4. Keeps the first `keep_backups` (default: 7) and deletes the rest.
**Dry-run** (`--rotate --dry`) logs exactly which files would be deleted, with no filesystem changes. Useful for verifying the retention setting before applying it.
---
## Logging
All functions use Python's standard `logging` module via a named logger (`__name__`). The root logger is configured by `logger.py` at startup.
- **Console output** is always active (via `StreamHandler`), regardless of the `logs` setting.
- **File output** is added when `"logs": true` is set in `config.json`. The log file is `<logs_path>/backup.log` and is appended to on each run.

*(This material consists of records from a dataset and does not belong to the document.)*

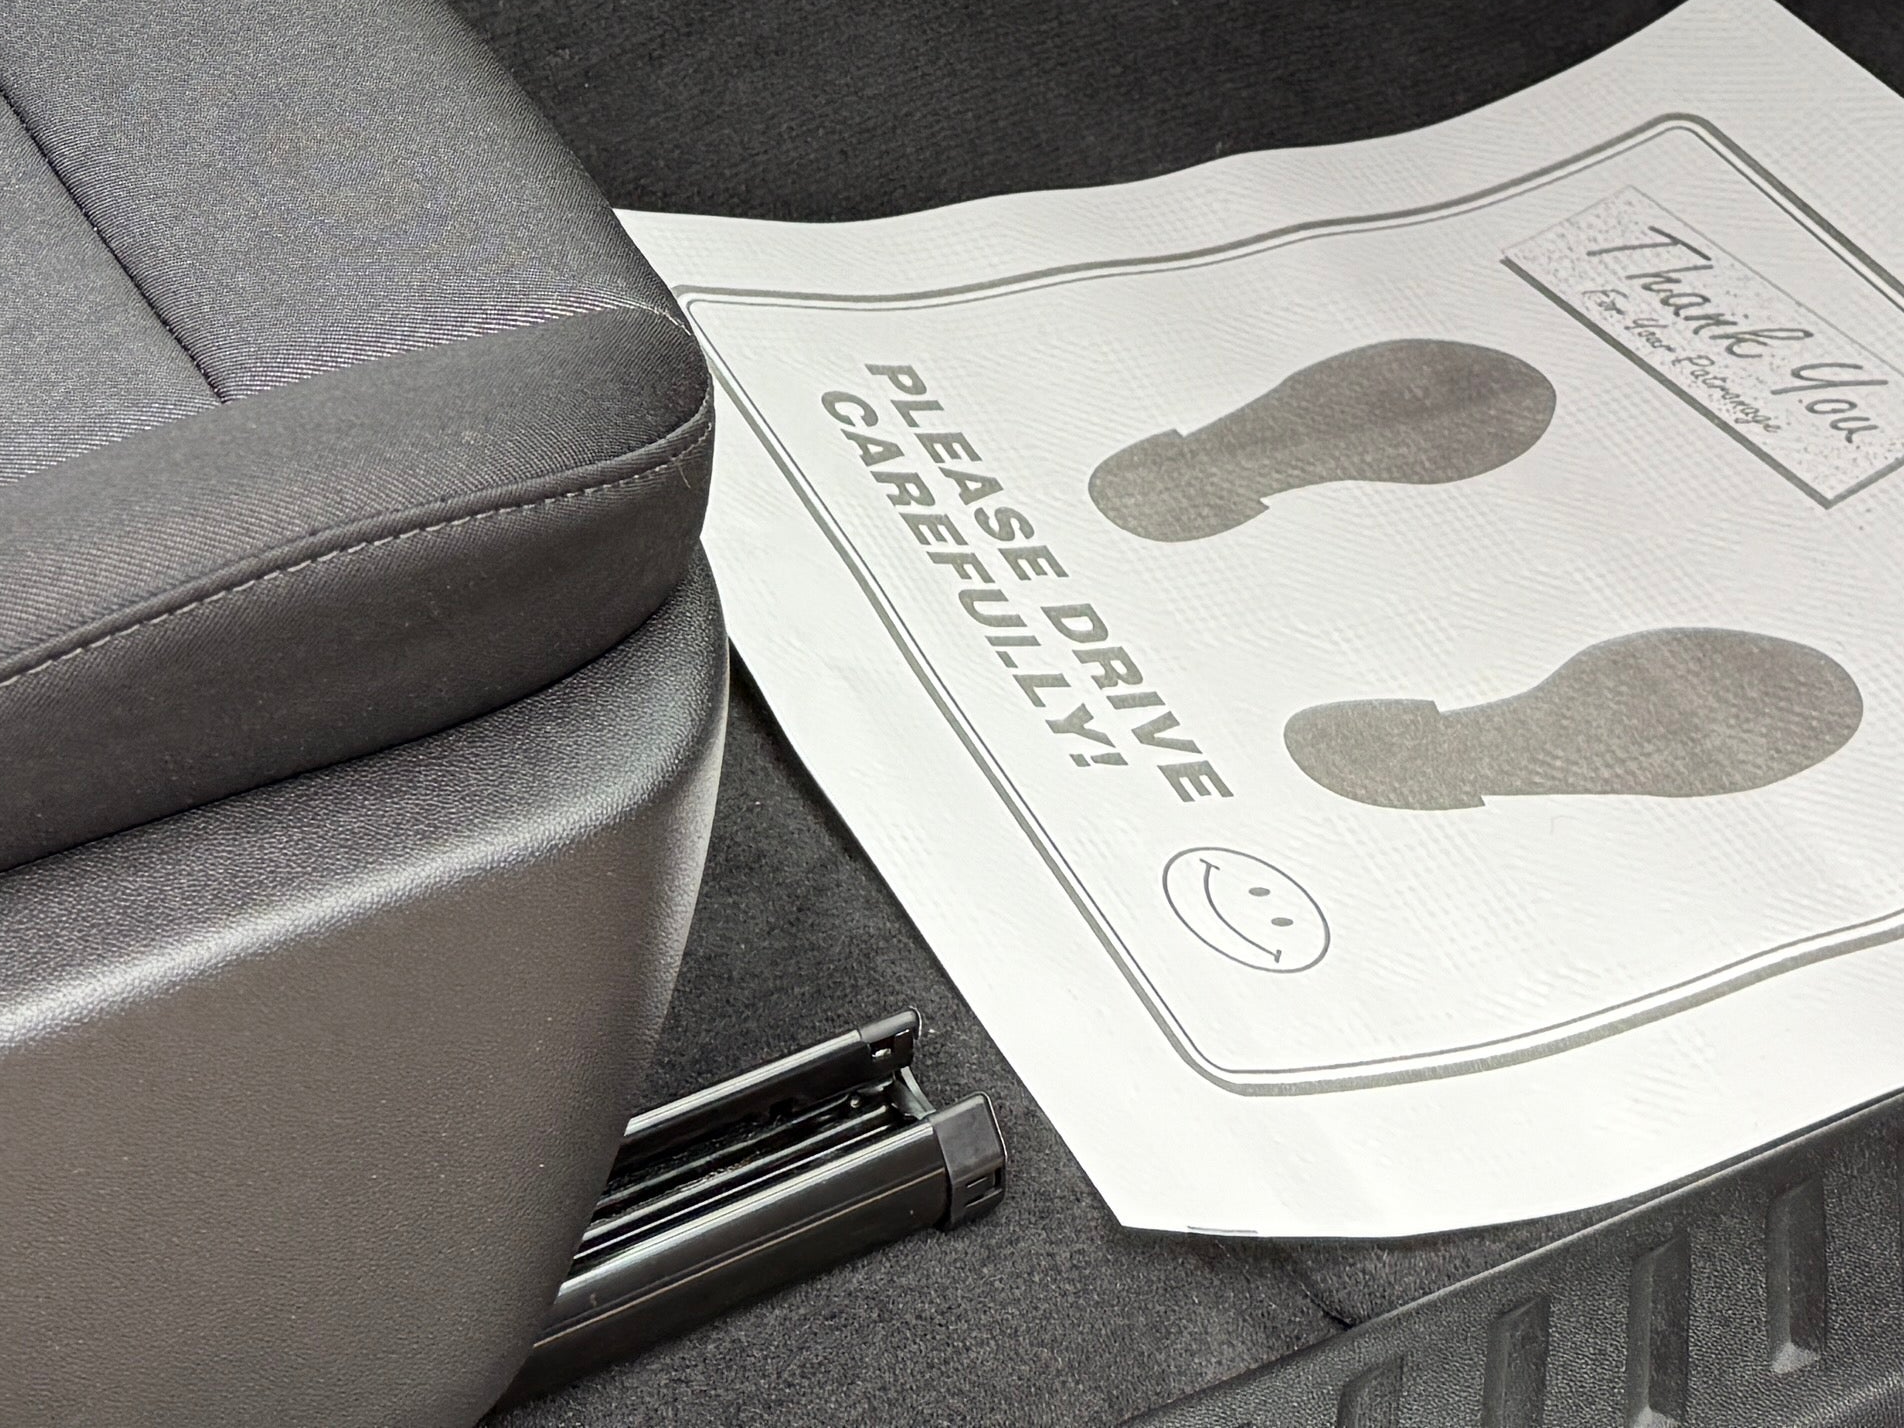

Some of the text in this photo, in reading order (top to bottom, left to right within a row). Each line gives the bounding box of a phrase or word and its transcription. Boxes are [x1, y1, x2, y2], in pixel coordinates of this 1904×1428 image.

[1581, 288, 1782, 435] For Your Patronage
[1586, 225, 1889, 444] Thank You
[821, 391, 1129, 767] CAREFULLY!
[864, 363, 1234, 803] PLEASE DRIVE
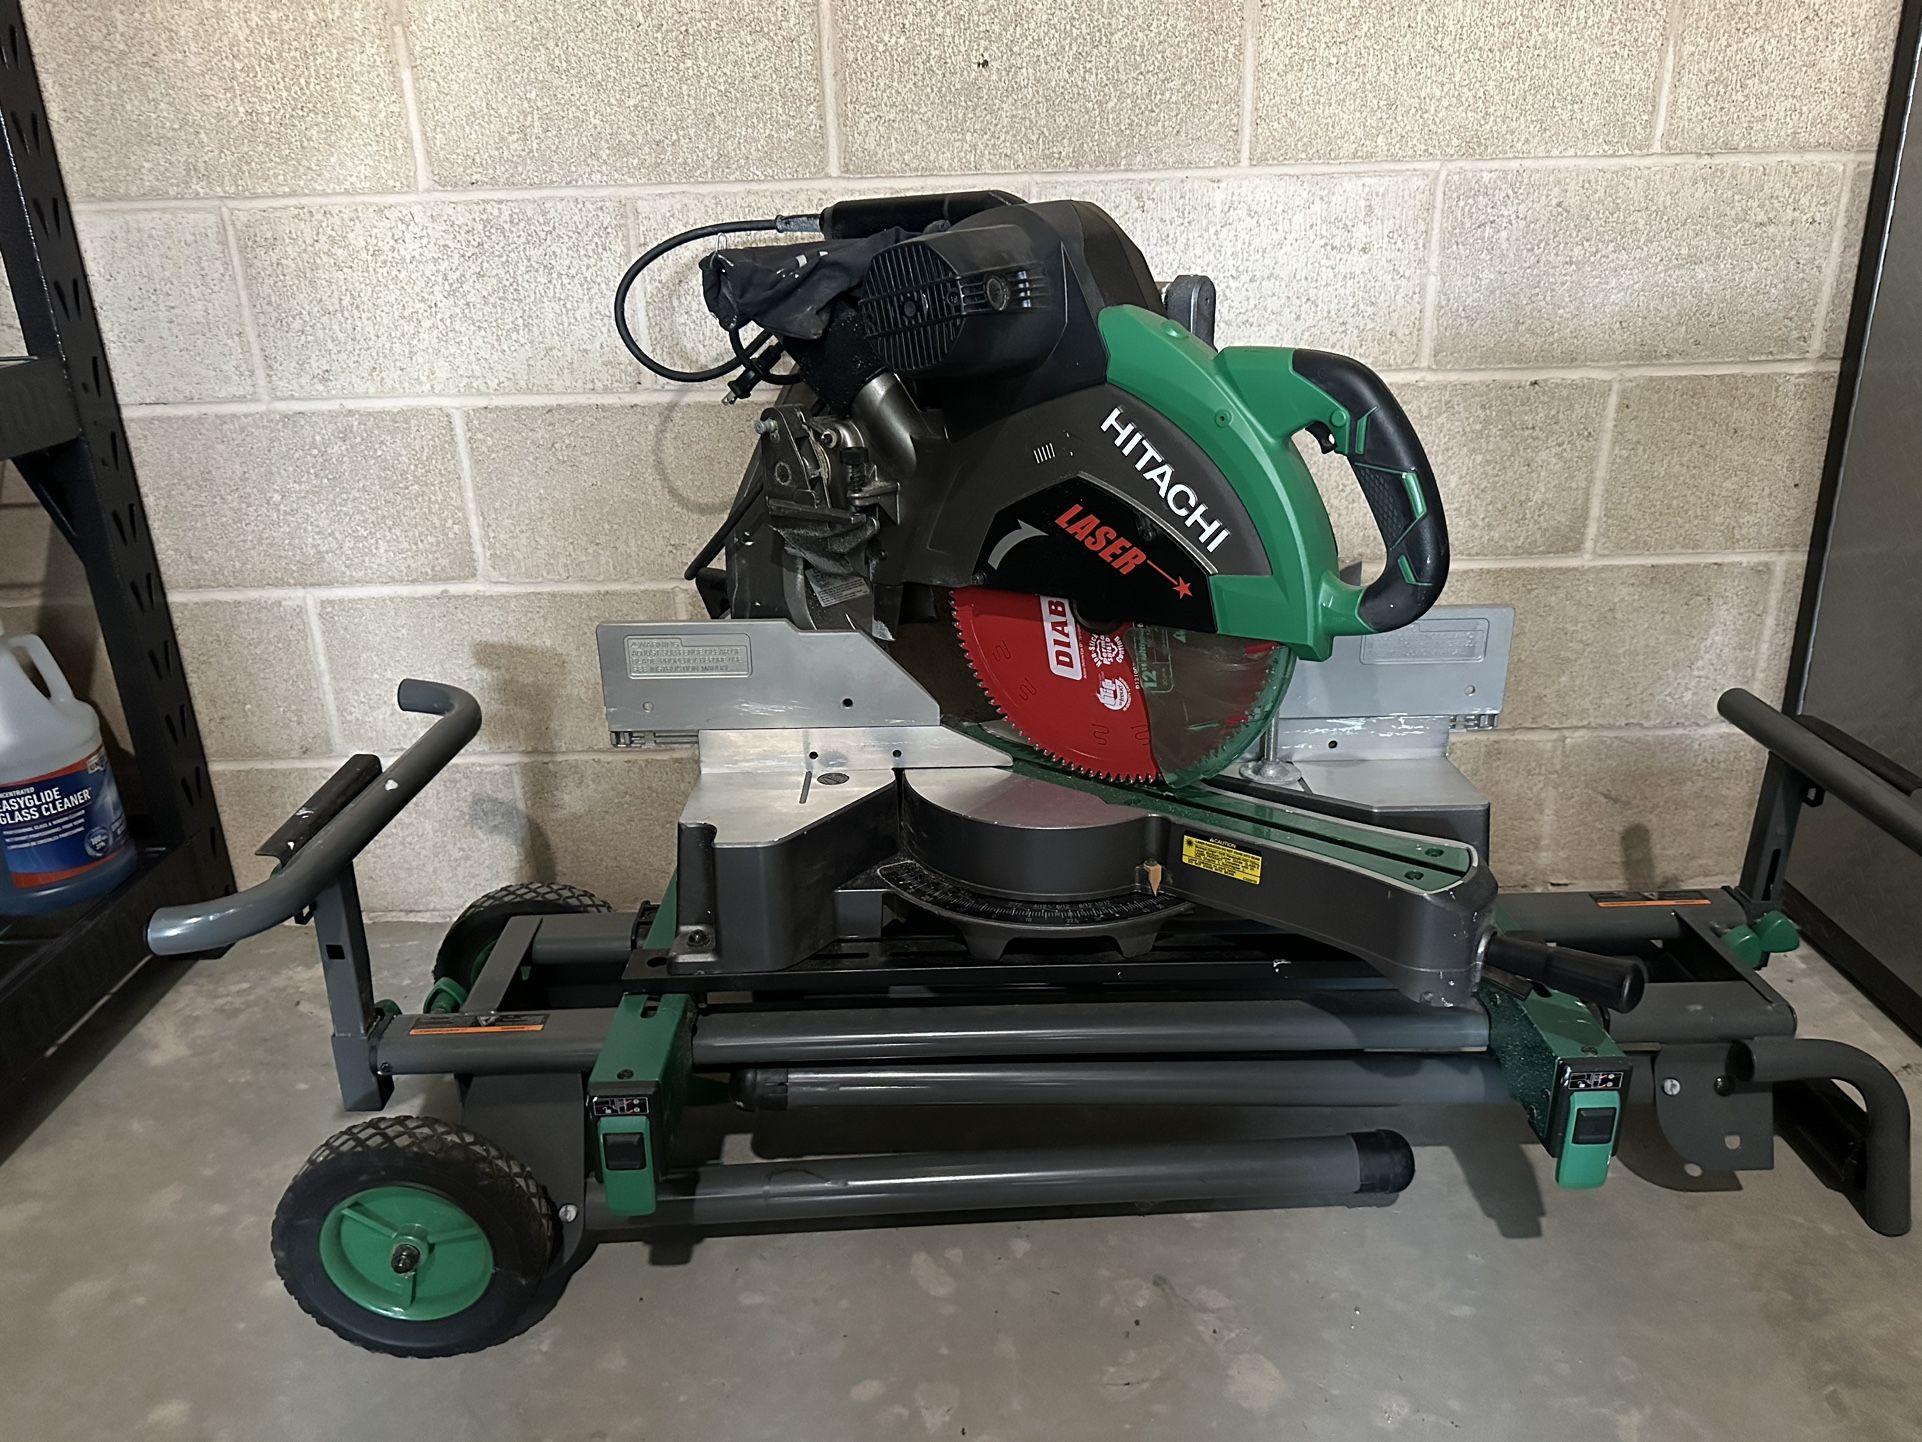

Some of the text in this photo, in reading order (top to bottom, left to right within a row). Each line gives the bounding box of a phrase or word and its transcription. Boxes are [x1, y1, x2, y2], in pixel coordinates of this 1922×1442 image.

[1100, 406, 1231, 553] HITACHI
[1054, 503, 1147, 575] LASER
[1047, 599, 1074, 670] DIAB
[0, 807, 40, 825] GLASS
[41, 788, 92, 816] CLEANER
[1214, 838, 1237, 849] CAUTION

- Log format: `YYYY-MM-DD HH:MM:SS [LEVEL] message`
---
## Running as a Cron Job
To run a full backup every day at 2:00 AM:
```bash
crontab -e
```
```
0 2 * * * /usr/bin/python3 /opt/sld-backups/script.py >> /home/backups/logs/cron.log 2>&1
```
Since the script always writes to stdout, cron output redirection captures the full run log even if file logging is disabled in `config.json`.
---
## Requirements
- Python **3.6+**
- **No third-party packages** — uses only the standard library:
- `tarfile`, `gzip`, `shutil` — archiving and compression
- `logging` — structured output
- `argparse` — CLI argument parsing
- `pathlib` — path handling
- `socket` — hostname detection
- `json` — configuration loading
---
## License
GNU General Public License v3.0 — see [LICENSE](LICENSE) for full terms.